11. Summarising those grounds, it is argued that the primary Judge erred by:


(1) finding that the petition failed to comply with Section 208(d) of the Organic Law;


(2) upholding nit-picking objections, contrary to Supreme Court decisions that were binding on the National Court;


(3) failing to make findings on all aspects of ground 1 of the petition;


(4) rejecting ground 1 of the petition without appreciating that the actions of the returning officer made it physically impossible for the applicant's scrutineers to exercise their rights as scrutineer for a candidate;


(5) not addressing the respondents' objections raised to ground 1 of the petition;


(6) dismissing ground 3 of the petition without deciding whether the facts pleaded were relevant and material;


(7) dismissing all grounds of the petition without finding whether the dates, persons named and the figures mentioned were facts for the purposes of Section 208(a) of the Organic Law;


(8) not considering each ground of the petition as a whole and stating the effect of each ground.
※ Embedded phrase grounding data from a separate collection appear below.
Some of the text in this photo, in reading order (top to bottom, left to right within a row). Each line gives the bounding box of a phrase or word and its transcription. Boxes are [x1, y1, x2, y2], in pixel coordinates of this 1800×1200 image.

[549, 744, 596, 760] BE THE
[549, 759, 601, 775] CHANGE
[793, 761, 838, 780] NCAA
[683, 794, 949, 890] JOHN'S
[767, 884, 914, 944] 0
12. Each ground of review will now be separately addressed. We will repeat the verbatim quote of the ground (including the numerous grammatical errors) at the beginning of our determination of each ground. It is important to do this as we are critical of the drafting of the grounds and our criticisms will best be appreciated when readers of this judgment see the particular ground that we are referring to.


GROUND 1: FINDING THAT THE PETITION FAILED TO COMPLY WITH SECTION 208(d) OF THE ORGANIC LAW


13. This ground states:


Her Honour erred in law in dismissing the Petitioner/Applicants Objections to the Competency of the First, Second and Third Respondents Amended Objection to Competency filed on the 6th February 2013, which were filed purposely to raise the issues of attestation under Section 208(d) which prejudiced the Petitioner who was taken by surprise as the issue of "attestation" in KIKILA -V- NIXON MANGAPE, EP No. 18/2012 (18/01/2013) and EKIP -v- DUMA [2012] N.4899 where both petitions were dismissed for non compliance of Section 208(d) of the Organic Law. [sic]
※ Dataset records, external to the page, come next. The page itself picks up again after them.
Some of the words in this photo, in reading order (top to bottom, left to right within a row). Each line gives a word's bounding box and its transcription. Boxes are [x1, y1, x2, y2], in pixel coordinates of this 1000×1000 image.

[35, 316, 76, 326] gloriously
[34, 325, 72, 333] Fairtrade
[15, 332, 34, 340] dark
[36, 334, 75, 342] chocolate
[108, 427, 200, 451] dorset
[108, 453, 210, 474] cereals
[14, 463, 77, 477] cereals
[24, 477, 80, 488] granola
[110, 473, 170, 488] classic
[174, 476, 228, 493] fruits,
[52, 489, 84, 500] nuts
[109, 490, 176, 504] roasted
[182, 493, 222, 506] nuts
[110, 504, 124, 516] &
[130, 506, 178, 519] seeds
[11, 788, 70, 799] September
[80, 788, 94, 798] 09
14. This ground is poorly drafted and difficult to understand. It appears to be arguing that the primary Judge acted unfairly by dismissing the applicant's objection to the competency of the first, second and third respondents' amended objection to competency of the petition. The applicant argues that he was prejudiced because he was taken by surprise when the issue of attestation of the petition was belatedly raised. It also appears to be arguing that her Honour erred in law by following Kikala and Ekip and finding that Section 208(d) was not complied with due to her Honour's finding that neither of the two witnesses who attested the petition was in a position to testify, confirm, verify or prove any of the facts underlying the grounds of the petition.
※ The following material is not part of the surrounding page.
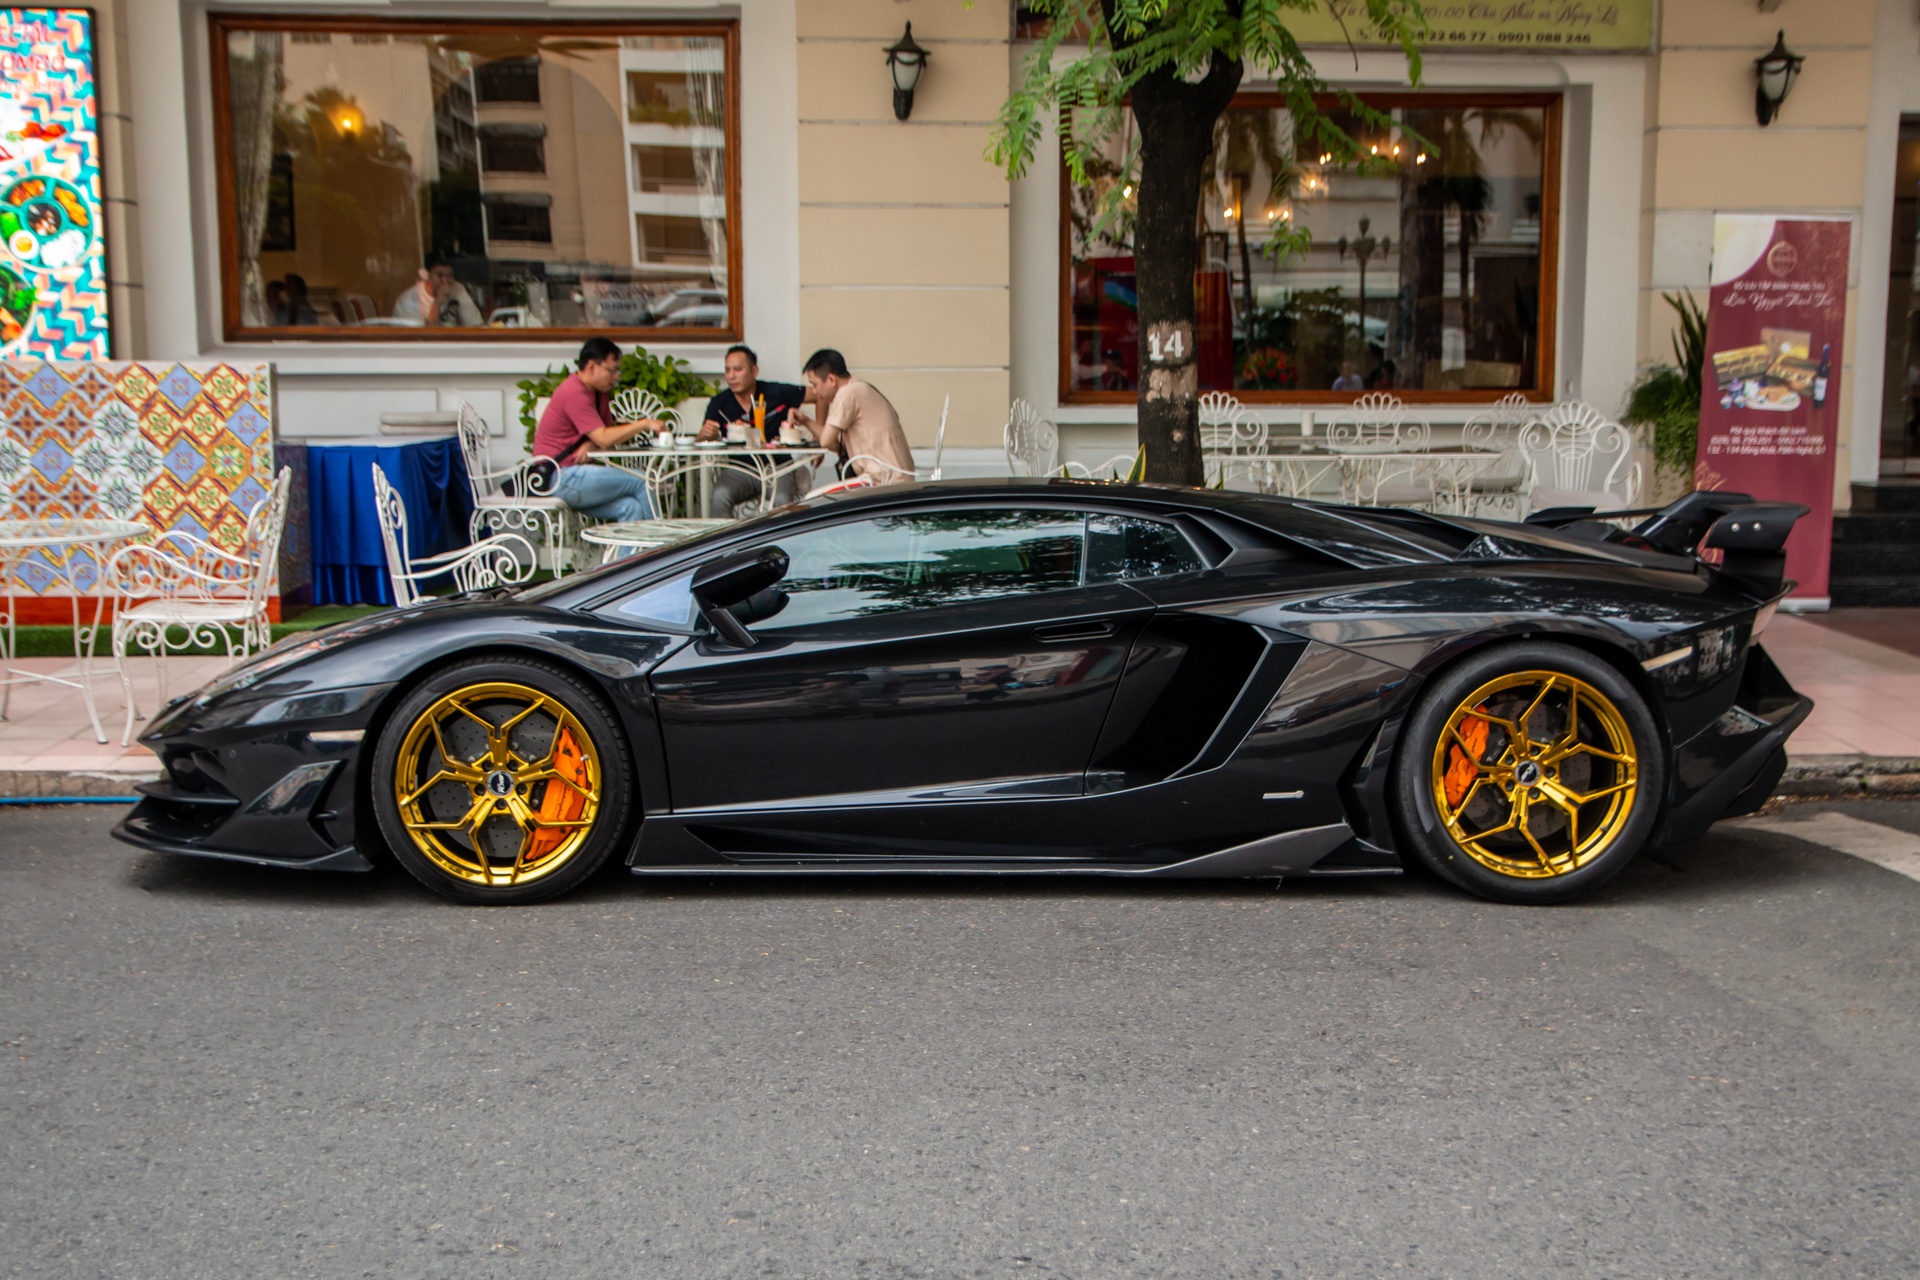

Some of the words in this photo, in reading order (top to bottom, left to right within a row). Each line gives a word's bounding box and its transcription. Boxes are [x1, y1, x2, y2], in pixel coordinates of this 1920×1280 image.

15. Despite the shortcomings of this ground of review the respondents have sensibly decided to concede it. They have done so in light of the recent decision of the Supreme Court in Kikala v Electoral Commission & Mangape (2013) SC1295, which adopted the obiter dicta of the Supreme Court in Nomane v Mori (2013) SC1242. In Kikala the Supreme Court overturned the trial judge's ruling on this issue. It has now authoritatively been settled that the word "attest" means that the witness is able to affirm the truth or genuineness of the signature of the person who signs the petition. Attestation means simply that the witness is present and sees the petition signed. It is not necessary that the witness be in a position to testify, confirm, verify or prove any of the facts underlying the grounds of the petition. In light of the Supreme Court decision in Kikala it can be seen that, with respect, the learned primary judge erred in law. Ground 1 of the review is upheld.


GROUND 2: UPHOLDING NIT-PICKING OBJECTIONS, CONTRARY TO SUPREME COURT DECISIONS THAT WERE BINDING ON THE NATIONAL COURT


16. This ground states:


Her Honour erred in law in allowing the First, Second and Third Respondents Objection to Competency which were nit-picking from the 3 grounds of the petition contrary to the principles of Review stated in the Supreme Court decision of JIMSON SAUK -V- DON POMB POLYE [2004] SC. 769 and JONATHAN KUMBA -V- KUK KULI & ors [2000] PNGLR 173 which were binding on Her Honour. [sic]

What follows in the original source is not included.